In the past, TOE has been a lone voice, crying out in the wilderness, possibly the target of old shoes and older vegetables as I pass by, when I’ve said I don’t like Hawksmoor. The Spitalfields and Seven Dials restaurants are almost universally fetishised in the blogosphere and the broadsheets – it’s nigh-on impossible to find a negative review* – and the announcement of a new outpost opening in the City was met with breathless excitement by carnivores across the capital.
I posted a while ago about our disappointing – in fact abortive – visit to Hawksmoor Seven Dials last year. Although we didn’t take them up on their lovely offer of a complimentary dinner to make up for our bad experience, we have since been to both Seven Dials and Spitalfields. It’s hard to fault the food, the cocktails are fantastic, the service efficient and cheery. But I suppose the memory of that first visit has stayed with me (especially as we were given the identical, deeply unsatisfactory table at Seven Dials), because I simply haven’t been able to warm to either restaurant.
I think part of the problem is that the boyfriend and I were always there as a couple, and there is something about the meaty, testosteroney vibe of these restaurants that’s not conducive to romance or intimacy (unless you’d like to become more closely acquainted with the next-door table for two). So when a group of foodie friends invited us to join their table for ten and sample the much-vaunted beef tasting menu at the softly launching Guildhall restaurant, we were eager to give it another go. (Much as I loathe the smugness with which lines like “So there we were, the cream of London’s food bloggers…” get trotted out, it would be inappropriate not to thank the lovely Victoria of Alphabet Soup for marshalling our group of meat fiends together for the occasion, and a hat-tip is also owed to the intrepid Malcolm Eggs of The London Review of Breakfasts, who had arrived early and got outside a Hawksmoor brekkie before squaring up to the beef.)
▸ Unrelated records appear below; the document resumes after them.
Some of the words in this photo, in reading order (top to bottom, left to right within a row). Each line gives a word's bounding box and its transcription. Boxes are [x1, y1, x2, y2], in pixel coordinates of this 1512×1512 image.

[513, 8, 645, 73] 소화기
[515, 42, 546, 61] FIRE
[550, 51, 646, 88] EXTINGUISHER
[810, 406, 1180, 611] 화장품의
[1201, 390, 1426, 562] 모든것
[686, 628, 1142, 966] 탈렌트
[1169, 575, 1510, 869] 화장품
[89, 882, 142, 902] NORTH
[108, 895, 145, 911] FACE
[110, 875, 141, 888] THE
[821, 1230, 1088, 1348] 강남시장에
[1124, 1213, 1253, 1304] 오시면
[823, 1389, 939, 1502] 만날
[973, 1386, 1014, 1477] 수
At Seven Dials, the room is arranged with the large tables in the centre and the smaller ones squashed (there, I said it) along the sides of the room. At the Guildhall restaurant the arrangement is reversed, with the larger tables in booths on the side and smaller ones in the centre. This is great as far as acoustics are concerned, but has some major drawbacks, as we were to discover. Still, who doesn’t love a booth, massive round table, squashy curved banquette and all? Things were off to a good start.
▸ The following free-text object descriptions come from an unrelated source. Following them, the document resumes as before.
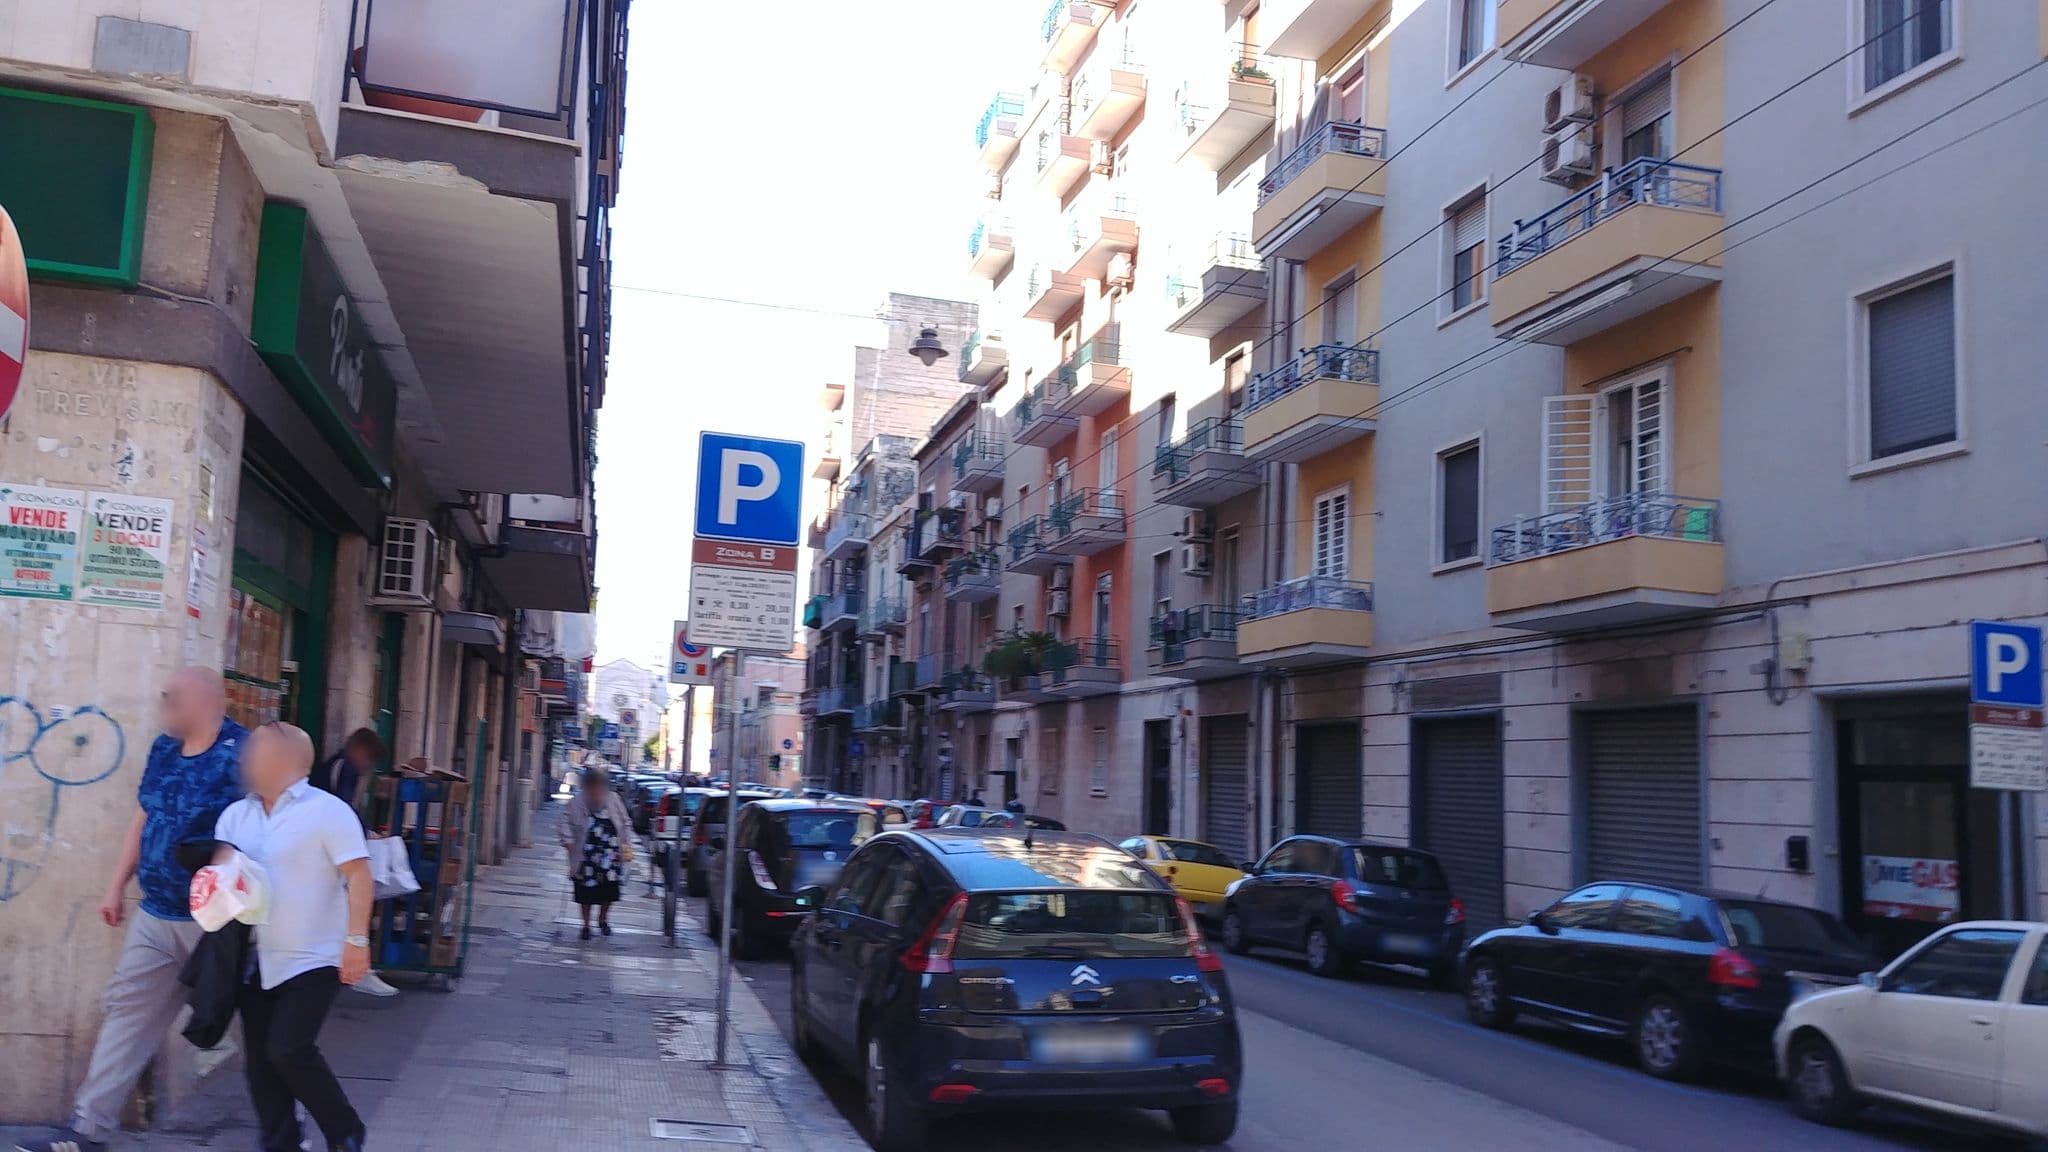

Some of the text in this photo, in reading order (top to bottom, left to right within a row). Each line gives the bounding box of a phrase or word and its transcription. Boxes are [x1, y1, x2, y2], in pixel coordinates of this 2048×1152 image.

[91, 362, 137, 391] VIA
[717, 447, 782, 525] P
[9, 506, 68, 529] VENDE
[94, 512, 164, 533] VENDE
[93, 528, 162, 549] 3 LOCALI
[715, 546, 776, 561] ZONA B
[1986, 632, 2029, 694] P
The beef tasting menu kicks off with beef tea, which I’d only encountered before in Victorian fiction as something used to “build up” recuperating invalids and pique a listless appetite. It’s served from teapots, in pretty blue willow-patterned cups, and it’s fantastic. You know when you have really, really good gravy, so good you want to drink it but etiquette forbids you? This is like that, except you can, and of course it isn’t gravy, but more a kind of uber-Bovril.
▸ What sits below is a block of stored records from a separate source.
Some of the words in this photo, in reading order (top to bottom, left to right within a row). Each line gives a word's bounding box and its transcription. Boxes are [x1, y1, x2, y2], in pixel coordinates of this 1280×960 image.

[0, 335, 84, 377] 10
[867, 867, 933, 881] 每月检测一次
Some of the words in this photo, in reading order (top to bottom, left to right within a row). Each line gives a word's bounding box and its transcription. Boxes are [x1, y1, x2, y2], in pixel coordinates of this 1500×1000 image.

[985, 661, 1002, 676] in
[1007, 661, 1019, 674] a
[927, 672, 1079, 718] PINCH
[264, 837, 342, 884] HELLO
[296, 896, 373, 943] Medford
Next up were oysters, served with kimchi and braised shortrib. Kimchi is something of a favourite with Hawksmoor – the love-it-or-loathe-it kimchi burger is a standout item on the bar menu, and if its purpose was to get the food writers trading blows with one another, it certainly succeeded. I have no quarrel with the pungent Korean cabbage pickle, but I wasn’t convinced that it added anything to a perfectly good oyster. Those who tried the (excellent) braised beef atop the oyster and kimchi were even less persuaded that the combination worked.
On to course the third: “tongue and tail” salad – cured, poached beef tongue and braised oxtail salad with oyster mushrooms and chestnuts. To my mind the mushrooms and the chestnuts suffered terribly and the oxtail only slightly less from being served cold – a cold, cooked mushroom has a sluglike texture that I find deeply unpleasant, and the flouriness of chestnuts is best enhanced by being mouth-blisteringly hot. The third course is a tartare-off of beef versus veal. Our table delivered a 60/40 verdict in favour of the beef – the veal lacked the necessary punch of flavour to stand up to the robust seasoning.
By now we were beginning to realise that practicality had been sacrificed on the altar of conviviality in the design of the outsize booths. It’s impossible for the staff to reach the diners on the far side of the table, so everyone has to muck in and pass wine bottles and clear plates and hand food. It’s great fun, but I suspect that after one dry-cleaning bill too many when a drunken diner accidentally tips beef tea over his companion’s Versace frock, the management may regret their “we’re all in this together” approach.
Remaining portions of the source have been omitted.